Assigned task ▸ The records below must be transcribed exactly, with each picture left out.
==== Records for processing ====
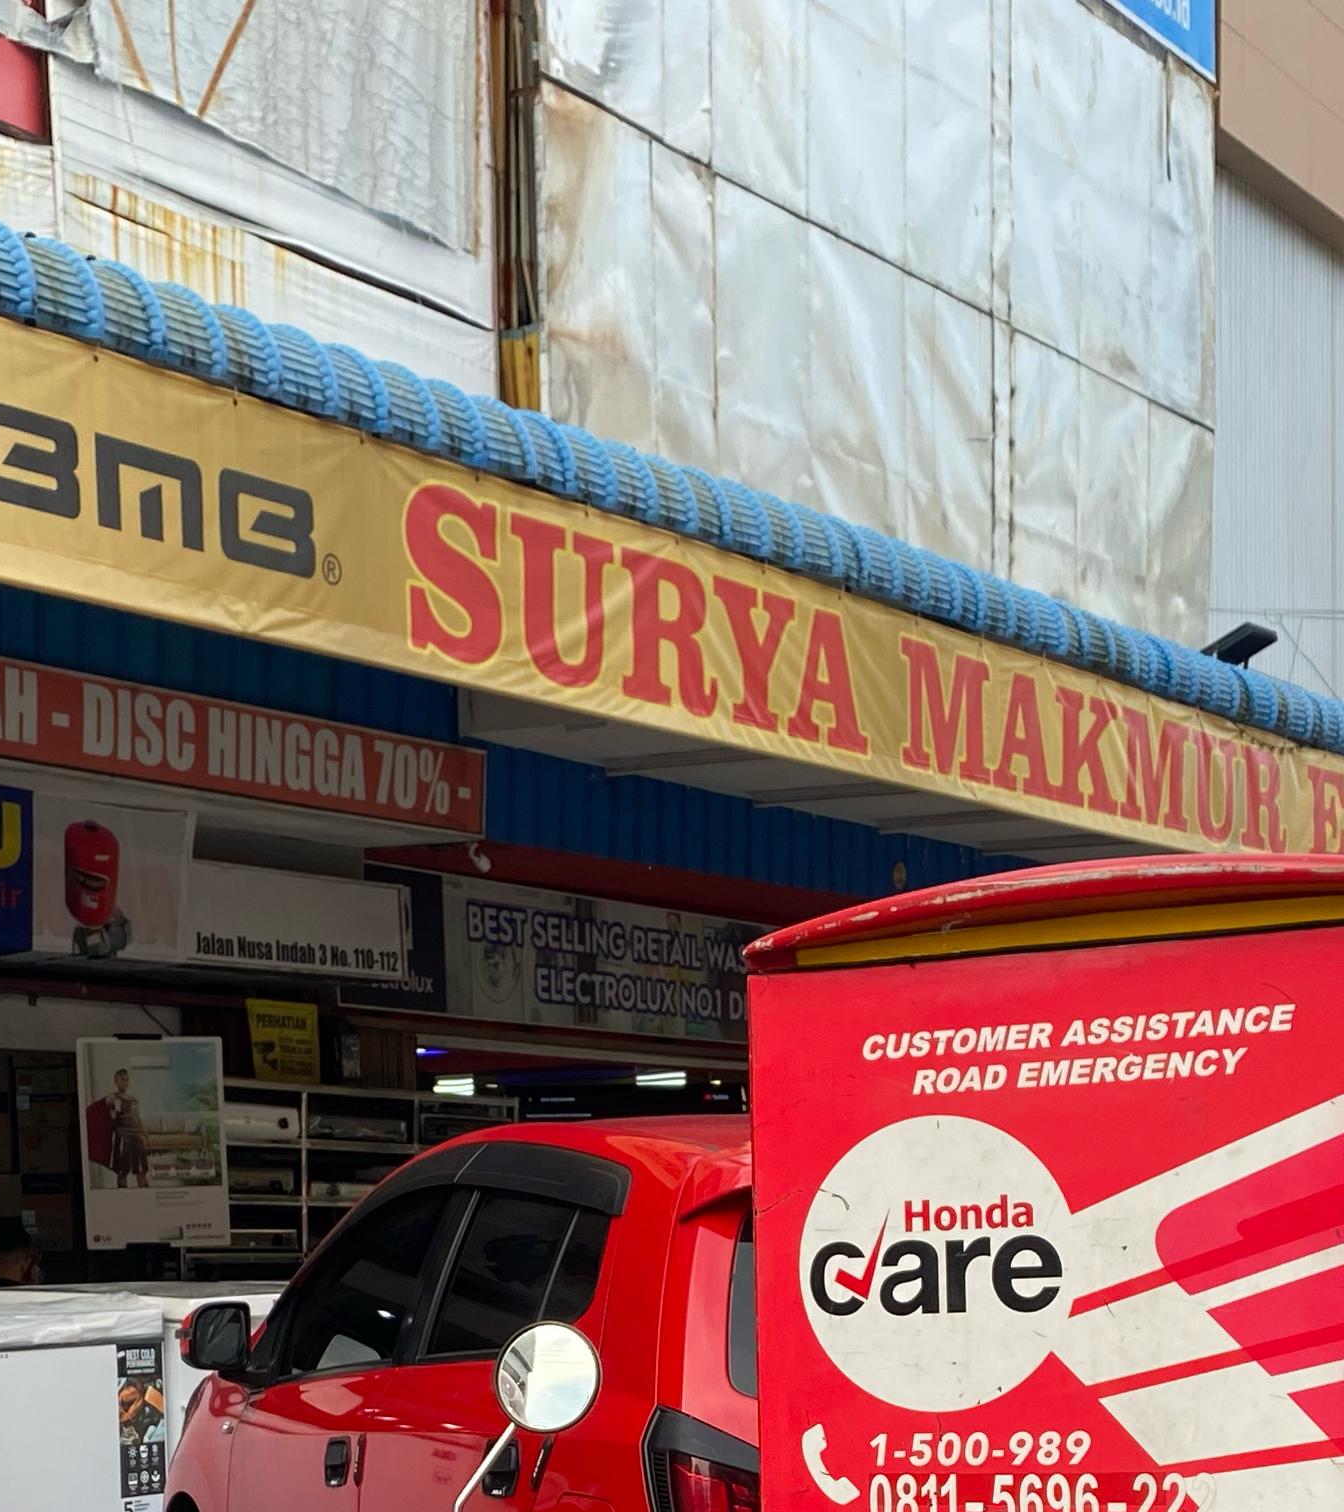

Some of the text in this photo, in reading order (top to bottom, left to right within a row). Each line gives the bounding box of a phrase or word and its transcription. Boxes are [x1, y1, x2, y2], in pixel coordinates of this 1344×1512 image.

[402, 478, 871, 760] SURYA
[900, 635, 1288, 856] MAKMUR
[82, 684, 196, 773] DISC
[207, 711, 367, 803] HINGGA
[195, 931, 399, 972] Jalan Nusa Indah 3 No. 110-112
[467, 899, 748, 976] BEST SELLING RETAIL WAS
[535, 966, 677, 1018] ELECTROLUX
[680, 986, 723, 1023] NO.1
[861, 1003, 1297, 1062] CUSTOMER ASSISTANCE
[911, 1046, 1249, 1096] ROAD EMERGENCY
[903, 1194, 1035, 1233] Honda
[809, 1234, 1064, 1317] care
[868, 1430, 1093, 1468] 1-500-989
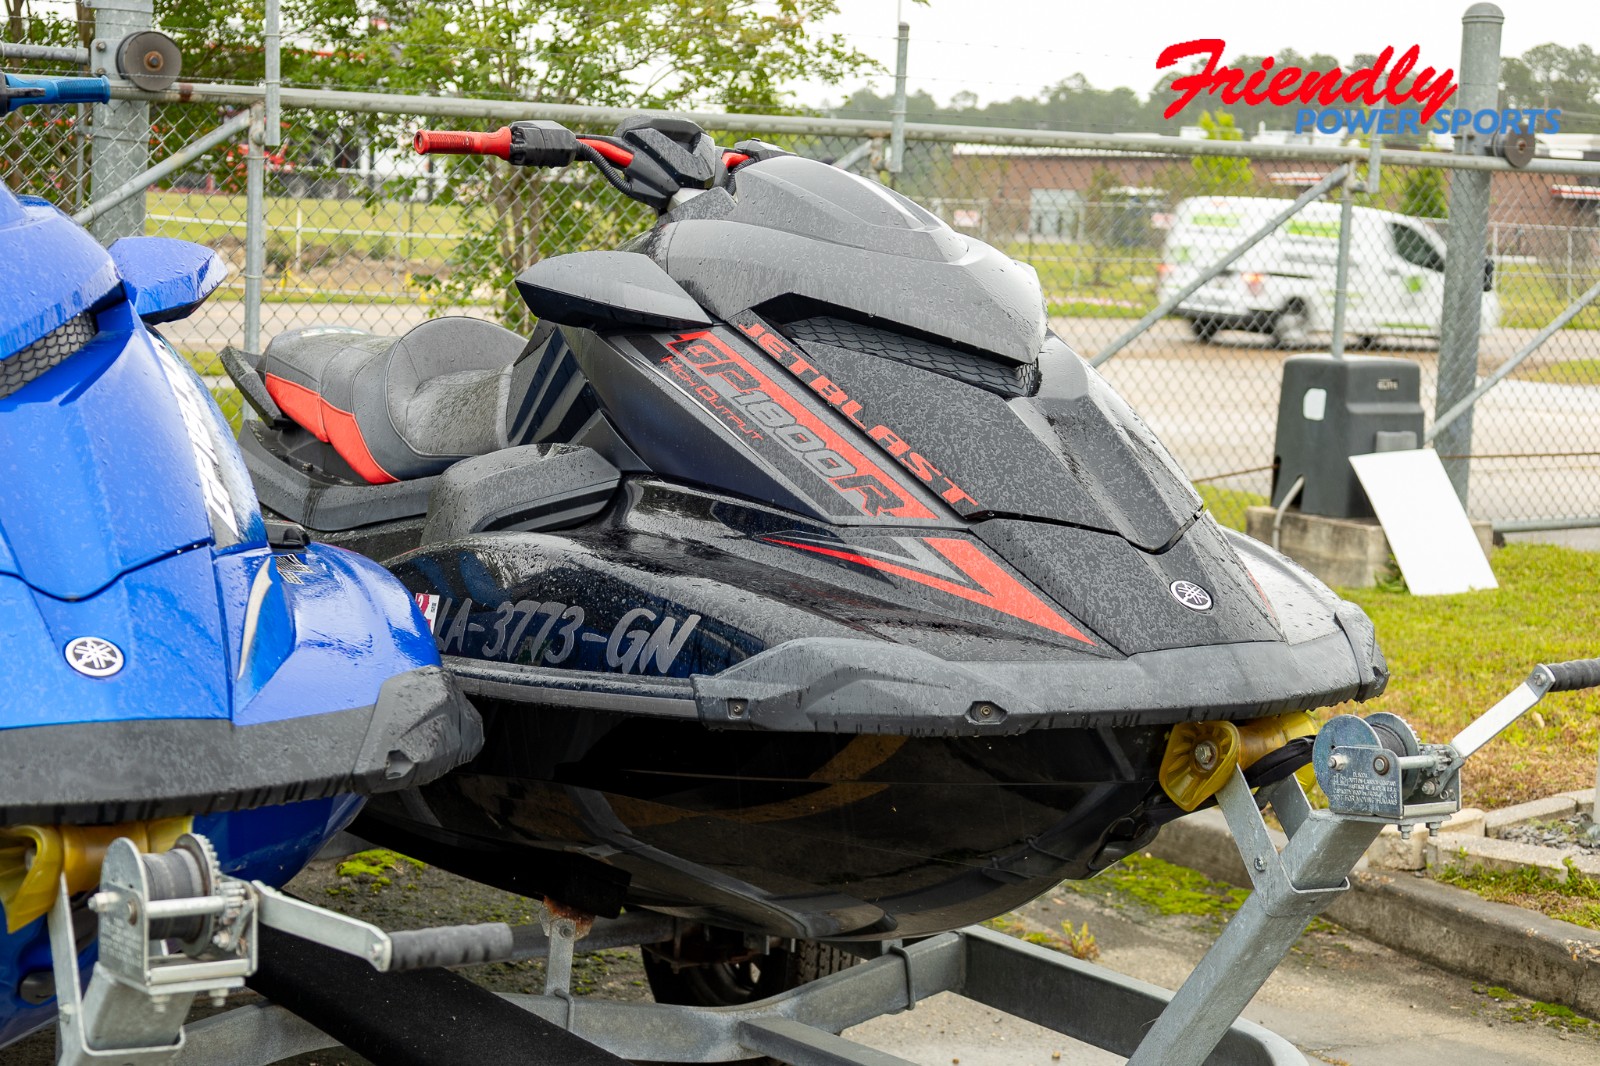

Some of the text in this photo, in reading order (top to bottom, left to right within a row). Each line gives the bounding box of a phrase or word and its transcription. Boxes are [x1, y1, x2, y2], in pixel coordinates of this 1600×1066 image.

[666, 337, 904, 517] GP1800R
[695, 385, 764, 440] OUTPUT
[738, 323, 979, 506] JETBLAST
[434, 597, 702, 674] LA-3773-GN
====
Written response ▸
Some of the text in this photo, in reading order (top to bottom, left to right within a row). Each line gives the bounding box of a phrase or word and its transcription. Boxes are [x1, y1, x2, y2], in pixel coordinates of this 1344×1512 image.

[402, 478, 871, 760] SURYA
[900, 635, 1288, 856] MAKMUR
[82, 684, 196, 773] DISC
[207, 711, 367, 803] HINGGA
[195, 931, 399, 972] Jalan Nusa Indah 3 No. 110-112
[467, 899, 748, 976] BEST SELLING RETAIL WAS
[535, 966, 677, 1018] ELECTROLUX
[680, 986, 723, 1023] NO.1
[861, 1003, 1297, 1062] CUSTOMER ASSISTANCE
[911, 1046, 1249, 1096] ROAD EMERGENCY
[903, 1194, 1035, 1233] Honda
[809, 1234, 1064, 1317] care
[868, 1430, 1093, 1468] 1-500-989

Some of the text in this photo, in reading order (top to bottom, left to right within a row). Each line gives the bounding box of a phrase or word and its transcription. Boxes are [x1, y1, x2, y2], in pixel coordinates of this 1600×1066 image.

[666, 337, 904, 517] GP1800R
[695, 385, 764, 440] OUTPUT
[738, 323, 979, 506] JETBLAST
[434, 597, 702, 674] LA-3773-GN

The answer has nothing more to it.